Referring expression grounding data
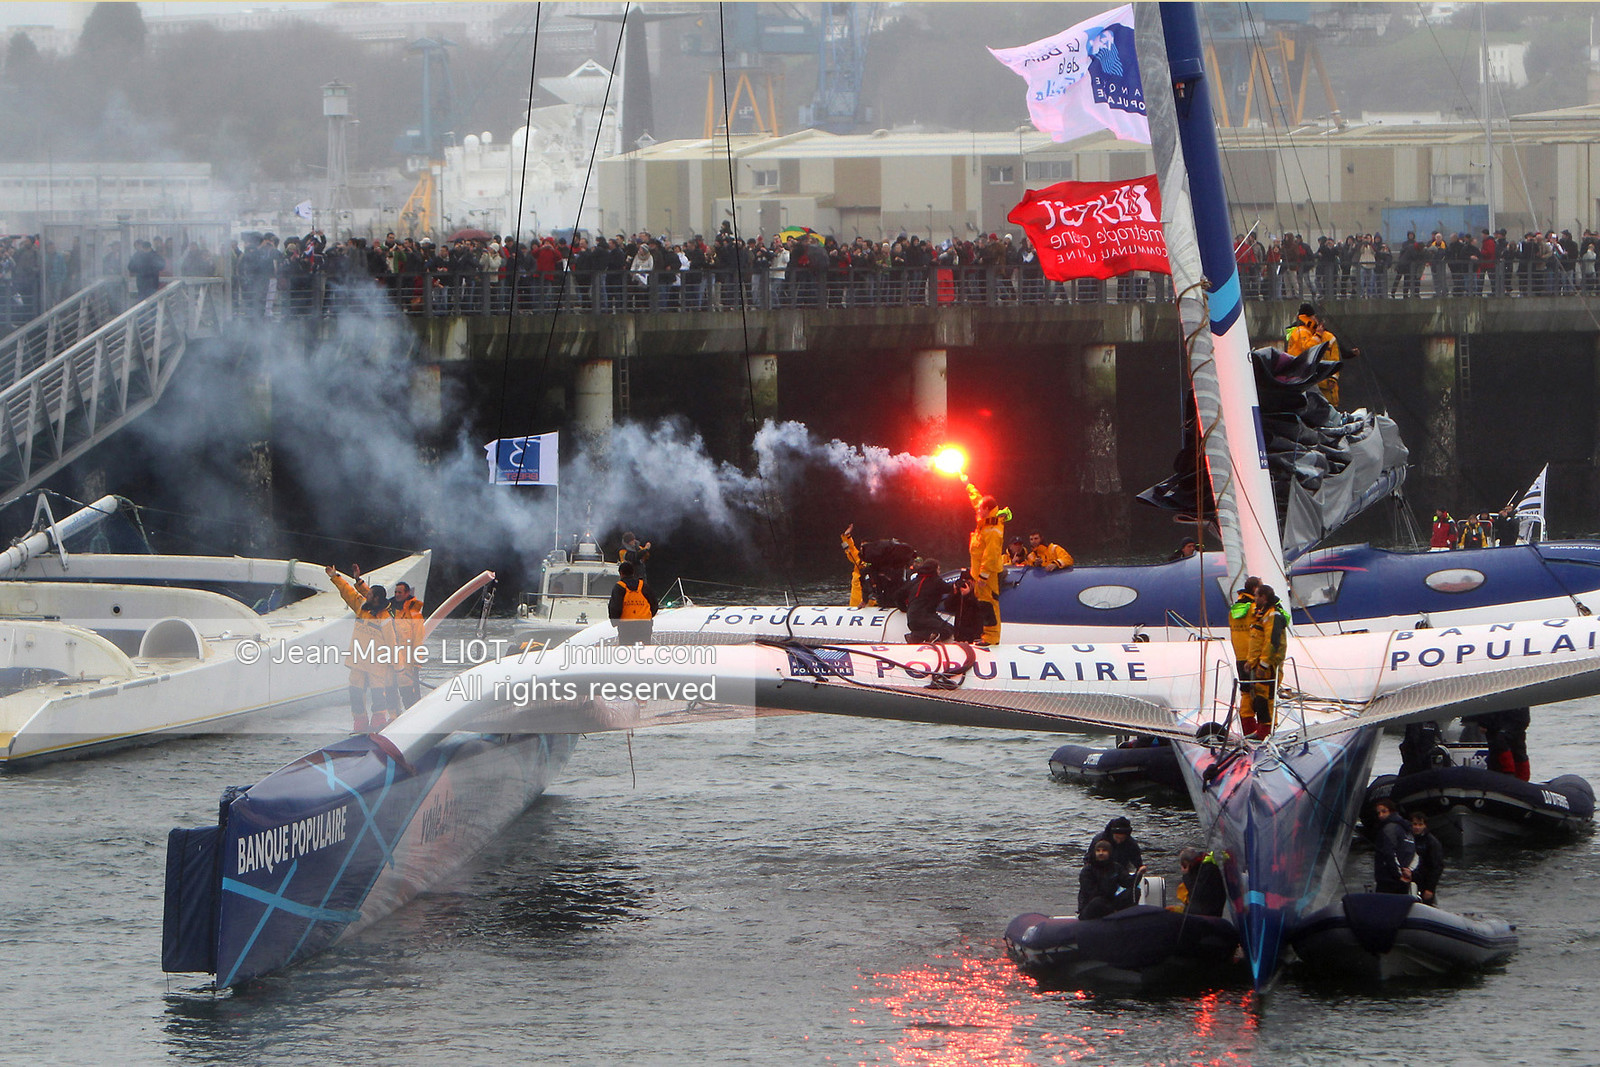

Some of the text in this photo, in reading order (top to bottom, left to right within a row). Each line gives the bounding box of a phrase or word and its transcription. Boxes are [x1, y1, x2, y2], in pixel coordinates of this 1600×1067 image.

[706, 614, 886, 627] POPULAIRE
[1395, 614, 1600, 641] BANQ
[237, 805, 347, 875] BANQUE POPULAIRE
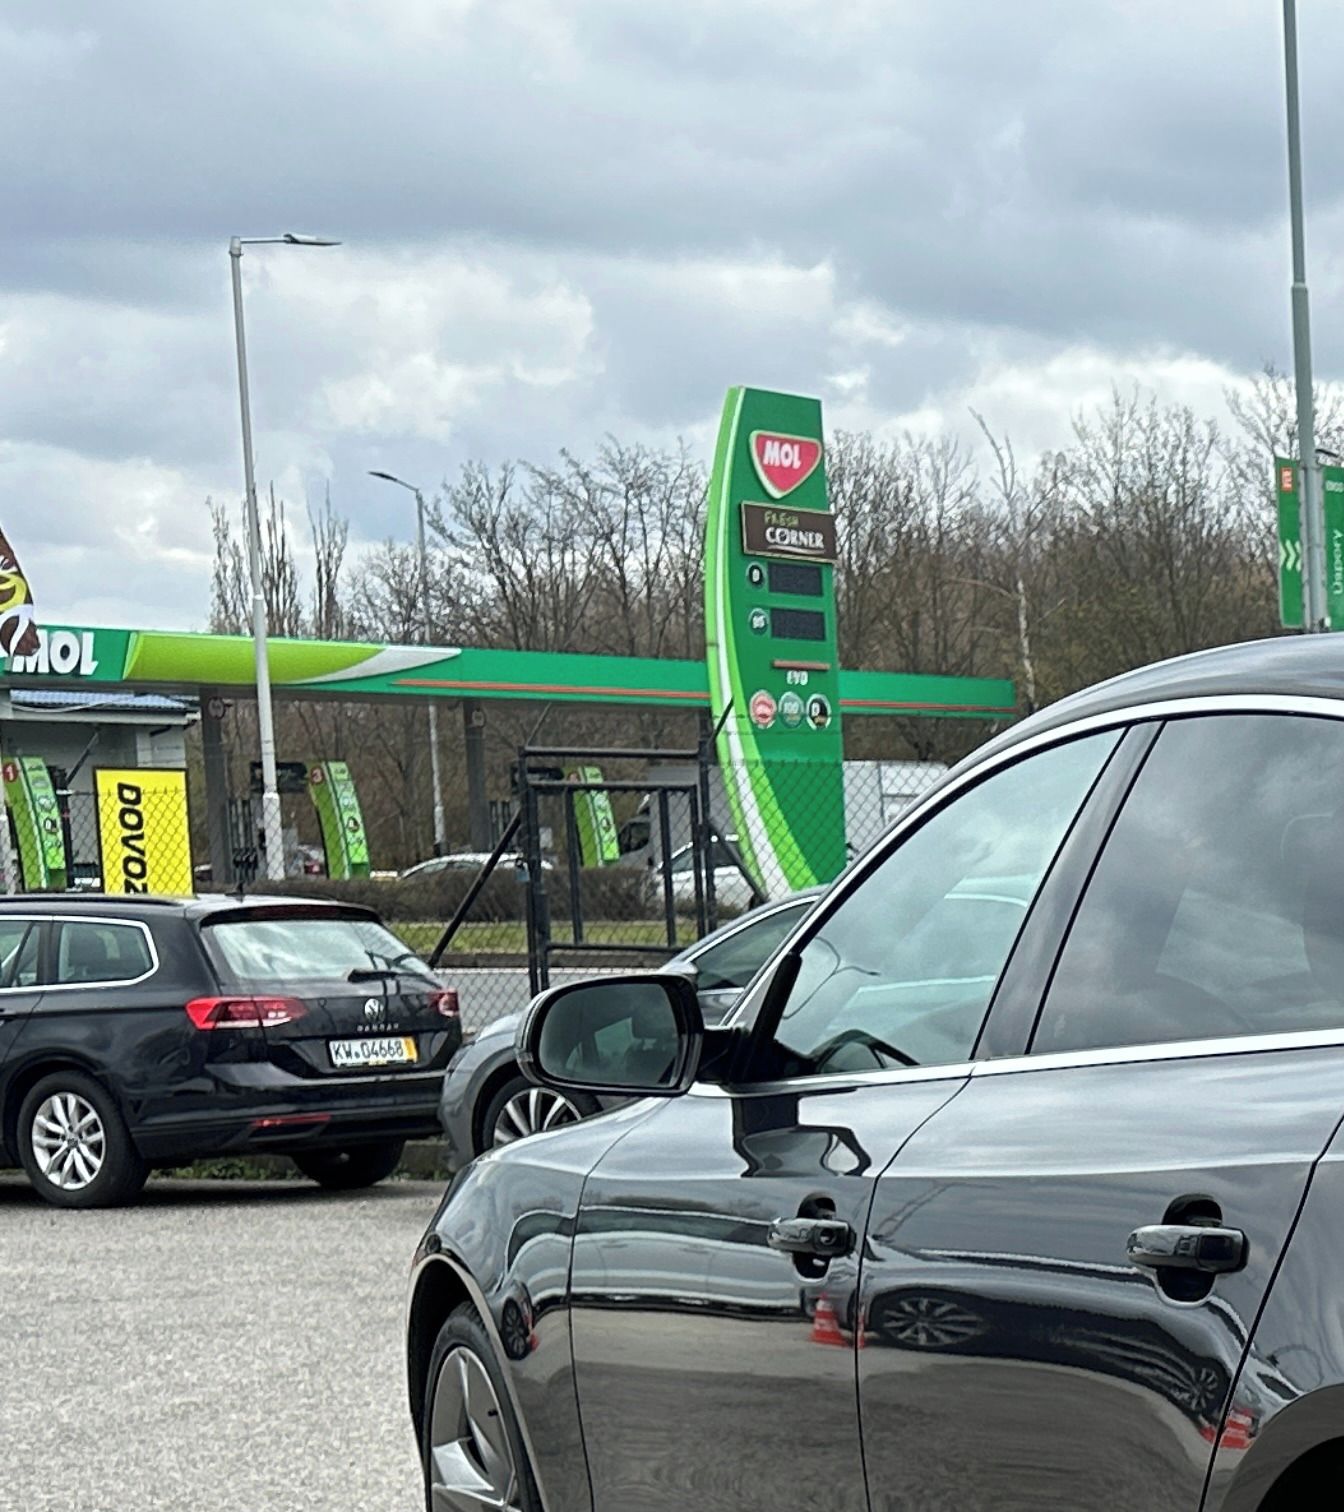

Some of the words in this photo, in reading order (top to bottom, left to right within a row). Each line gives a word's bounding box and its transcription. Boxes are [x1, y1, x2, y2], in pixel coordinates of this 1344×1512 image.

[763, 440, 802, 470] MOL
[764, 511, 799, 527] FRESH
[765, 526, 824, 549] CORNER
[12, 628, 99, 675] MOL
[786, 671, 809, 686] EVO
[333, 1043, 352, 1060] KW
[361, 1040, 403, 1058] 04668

# [PROBLEM STATEMENT]
From the line containing "Some of the words" to the last line above, repeat every line exactly and nothing else.

# [OUTPUT FOR THIS EXERCISE]
Some of the words in this photo, in reading order (top to bottom, left to right within a row). Each line gives a word's bounding box and its transcription. Boxes are [x1, y1, x2, y2], in pixel coordinates of this 1344×1512 image.

[763, 440, 802, 470] MOL
[764, 511, 799, 527] FRESH
[765, 526, 824, 549] CORNER
[12, 628, 99, 675] MOL
[786, 671, 809, 686] EVO
[333, 1043, 352, 1060] KW
[361, 1040, 403, 1058] 04668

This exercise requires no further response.